**RAW DATA**
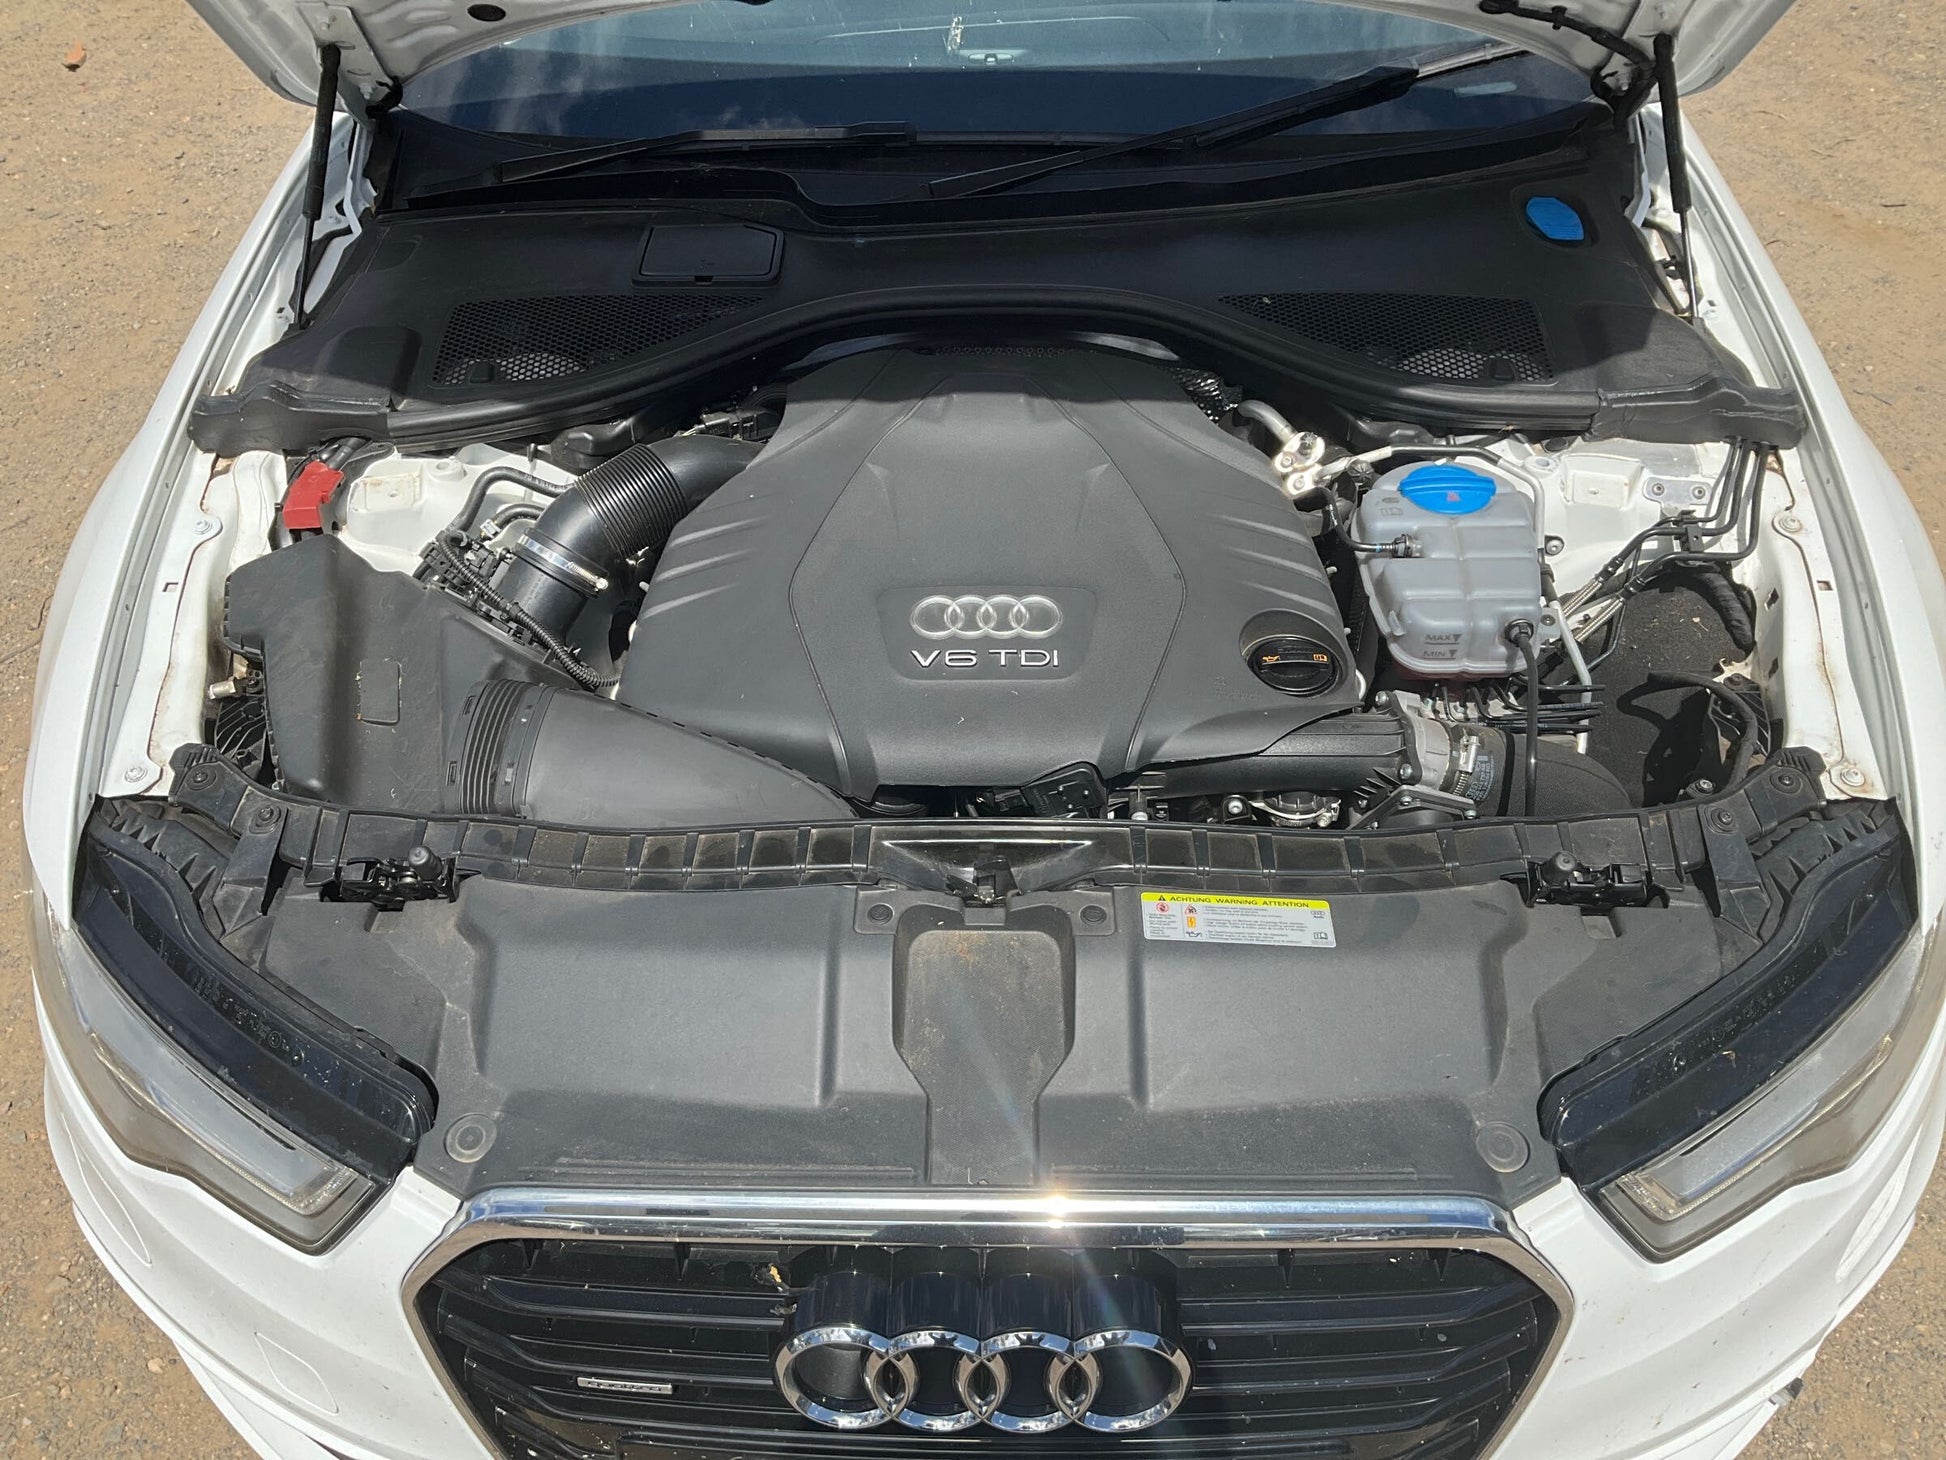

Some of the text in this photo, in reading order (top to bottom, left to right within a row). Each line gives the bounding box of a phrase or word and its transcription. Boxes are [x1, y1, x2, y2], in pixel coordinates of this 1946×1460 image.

[1424, 633, 1450, 641] MAX
[911, 649, 1059, 667] V6 TDI
[1169, 895, 1310, 908] ACHTUNG WARNING ATTENTION
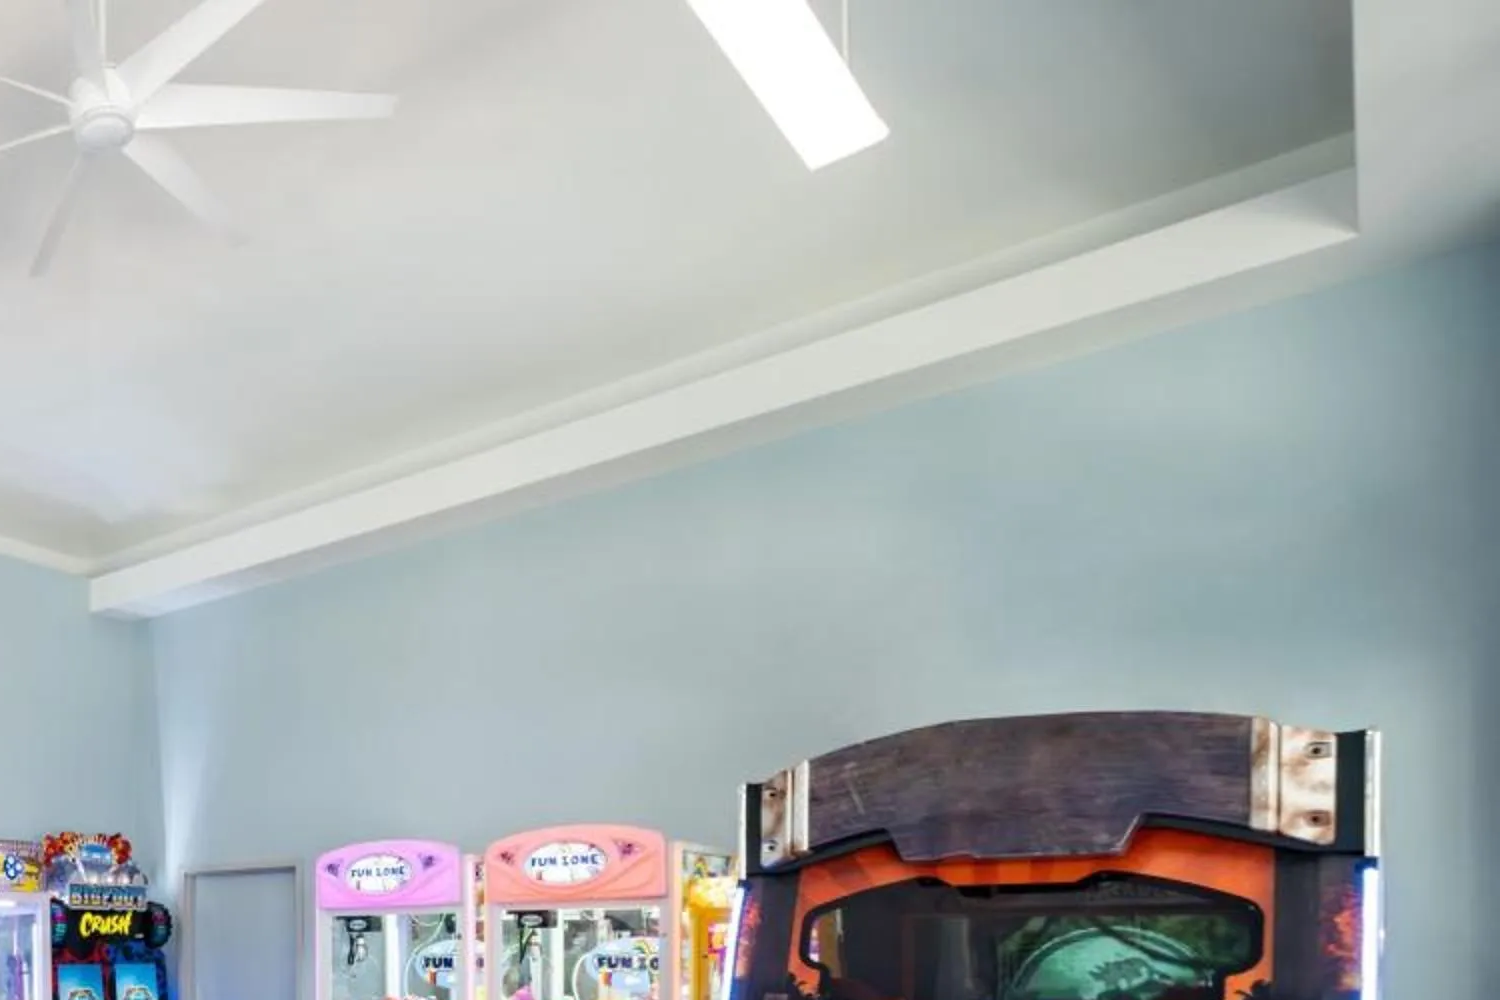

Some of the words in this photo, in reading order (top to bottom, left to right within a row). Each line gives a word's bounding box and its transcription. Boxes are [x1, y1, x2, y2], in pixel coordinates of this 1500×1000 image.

[531, 855, 558, 867] FUN
[80, 909, 133, 938] CRUSH
[597, 956, 633, 969] FUN

**ABOUT THIS TASK**
Your answer must be an exact reproduction of all entries, containing no pictures.

**ANSWER TO THIS TASK**
Some of the text in this photo, in reading order (top to bottom, left to right within a row). Each line gives the bounding box of a phrase or word and its transcription. Boxes are [x1, y1, x2, y2], in pixel coordinates of this 1946×1460 image.

[1424, 633, 1450, 641] MAX
[911, 649, 1059, 667] V6 TDI
[1169, 895, 1310, 908] ACHTUNG WARNING ATTENTION

Some of the words in this photo, in reading order (top to bottom, left to right within a row). Each line gives a word's bounding box and its transcription. Boxes are [x1, y1, x2, y2], in pixel coordinates of this 1500×1000 image.

[531, 855, 558, 867] FUN
[80, 909, 133, 938] CRUSH
[597, 956, 633, 969] FUN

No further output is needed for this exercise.